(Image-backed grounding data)
------------------------

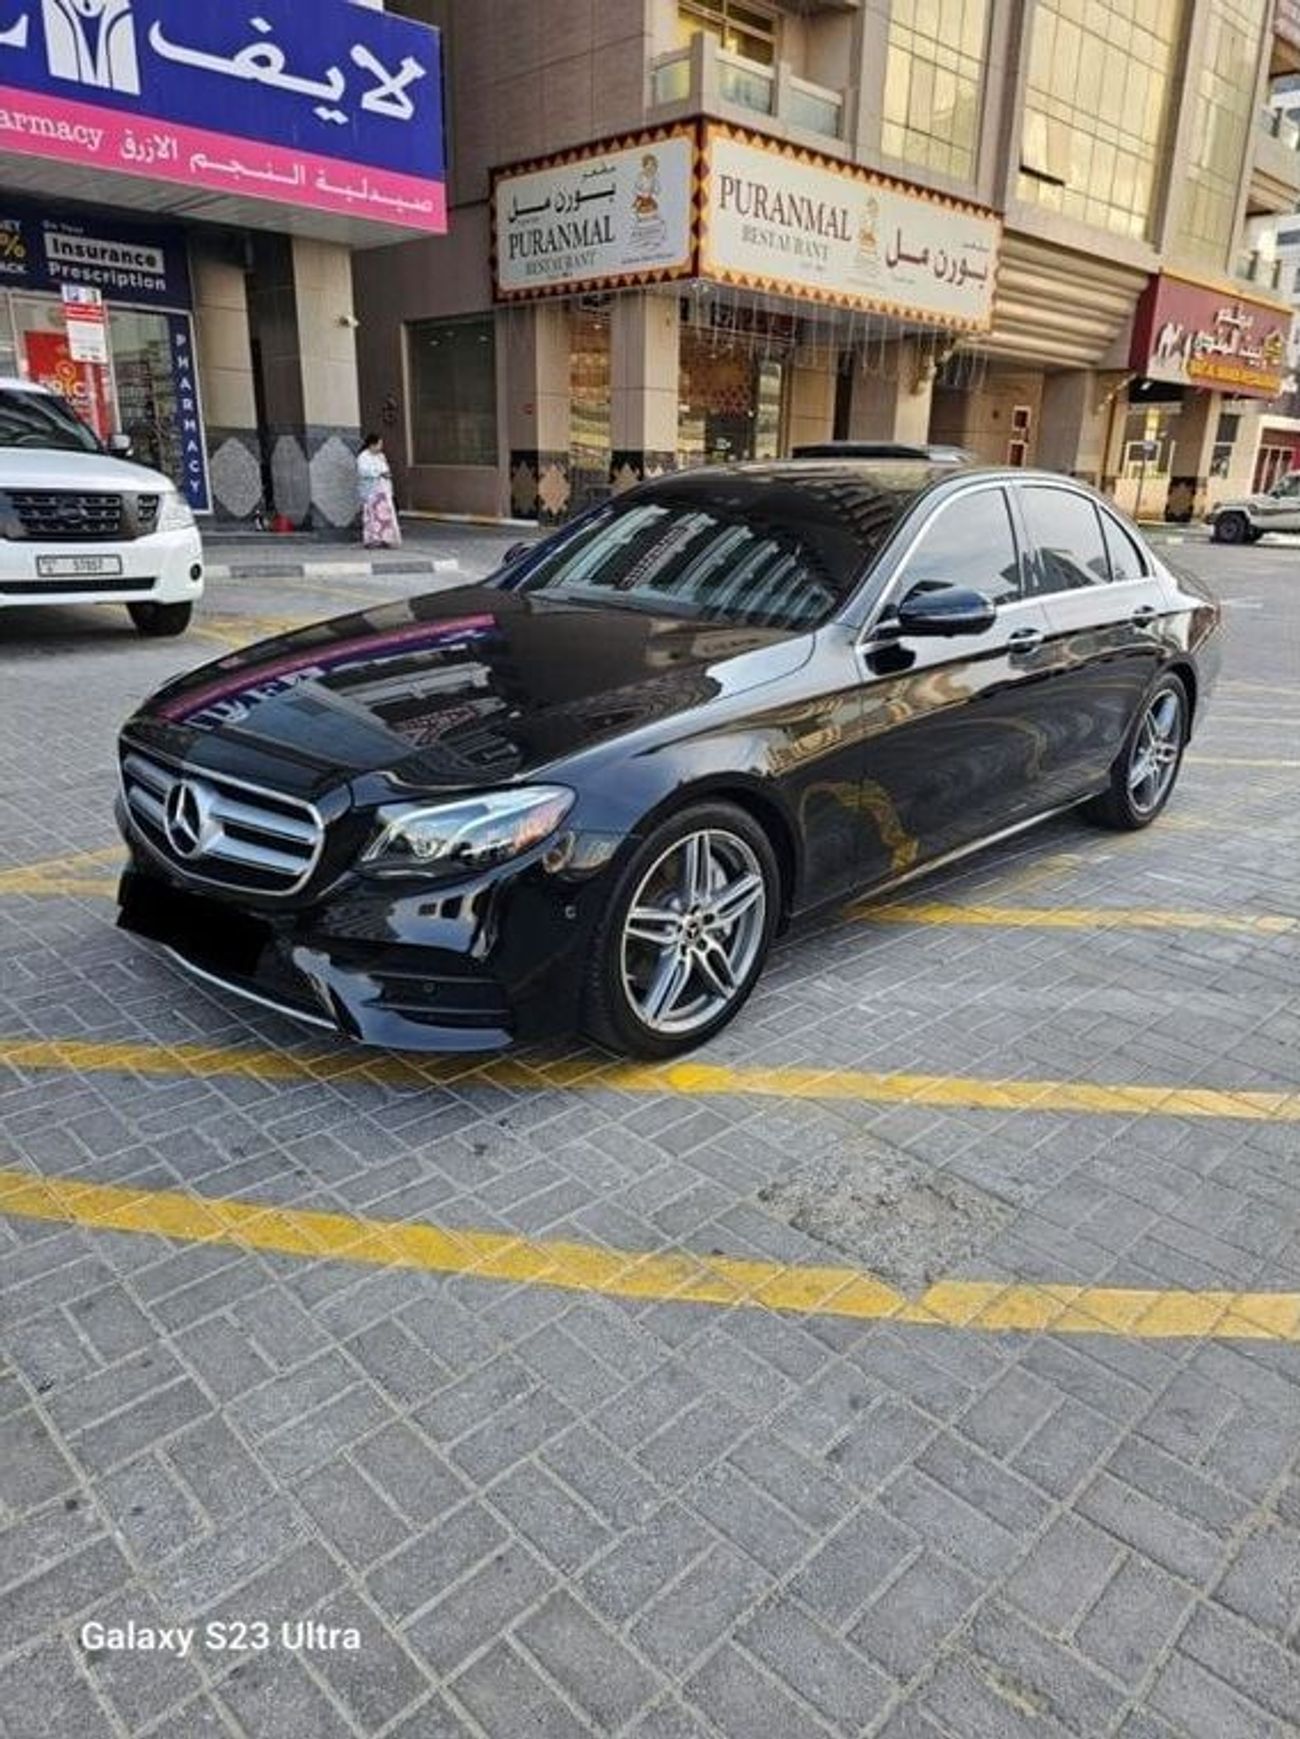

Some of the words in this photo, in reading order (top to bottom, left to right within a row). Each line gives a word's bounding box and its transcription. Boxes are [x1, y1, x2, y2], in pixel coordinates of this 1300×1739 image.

[148, 17, 427, 125] لايف
[190, 150, 305, 186] النجم
[315, 168, 433, 213] صيدلية
[719, 174, 852, 242] PURANMAL
[52, 237, 157, 268] Insurance
[509, 214, 616, 260] PURANMAL
[50, 262, 166, 291] Prescription
[175, 333, 200, 493] PHARMACY
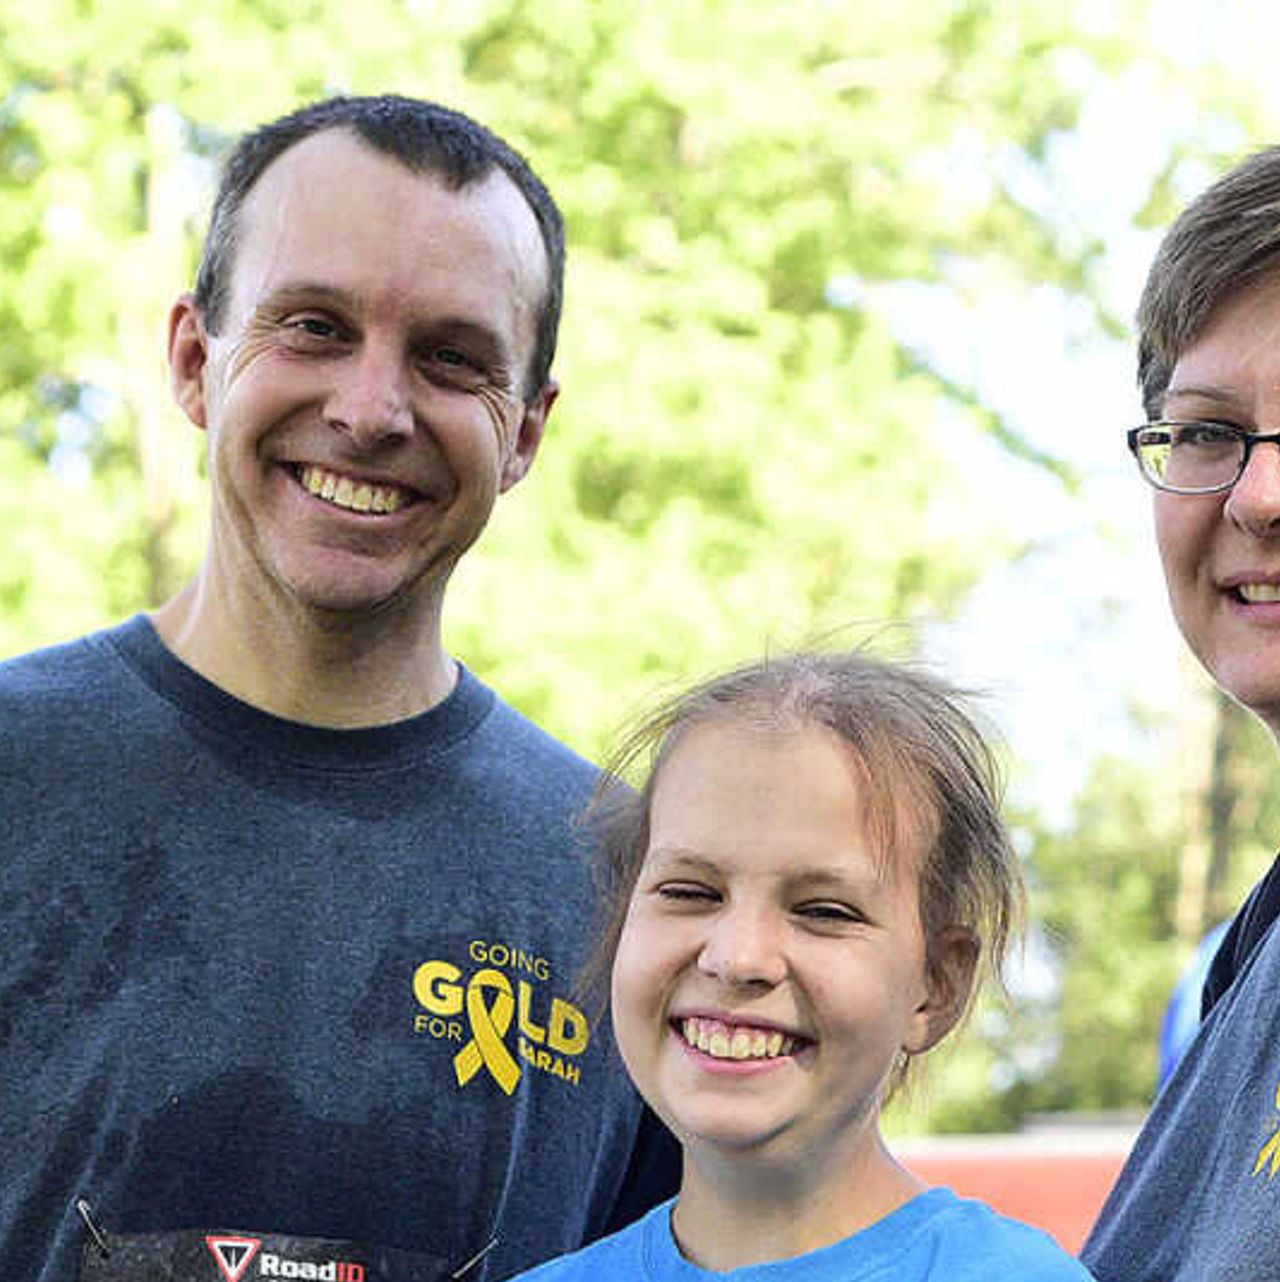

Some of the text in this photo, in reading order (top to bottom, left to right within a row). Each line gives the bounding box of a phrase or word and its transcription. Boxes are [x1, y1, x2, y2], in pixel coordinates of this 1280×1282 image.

------------------------

Task requirements.
The answer must be an exact reproduction of the records, with every picture left out.

Solution to this problem.
Some of the words in this photo, in reading order (top to bottom, left to right within a row). Each line gives a word's bounding box and its transcription. Boxes are [x1, y1, x2, y2], in pixel coordinates of this 1300×1739 image.

[148, 17, 427, 125] لايف
[190, 150, 305, 186] النجم
[315, 168, 433, 213] صيدلية
[719, 174, 852, 242] PURANMAL
[52, 237, 157, 268] Insurance
[509, 214, 616, 260] PURANMAL
[50, 262, 166, 291] Prescription
[175, 333, 200, 493] PHARMACY

Some of the text in this photo, in reading order (top to bottom, left to right within a row). Each line gives the bounding box of a phrase or word and its transcription. Boxes are [x1, y1, x2, y2], in pixel coordinates of this 1280×1282 image.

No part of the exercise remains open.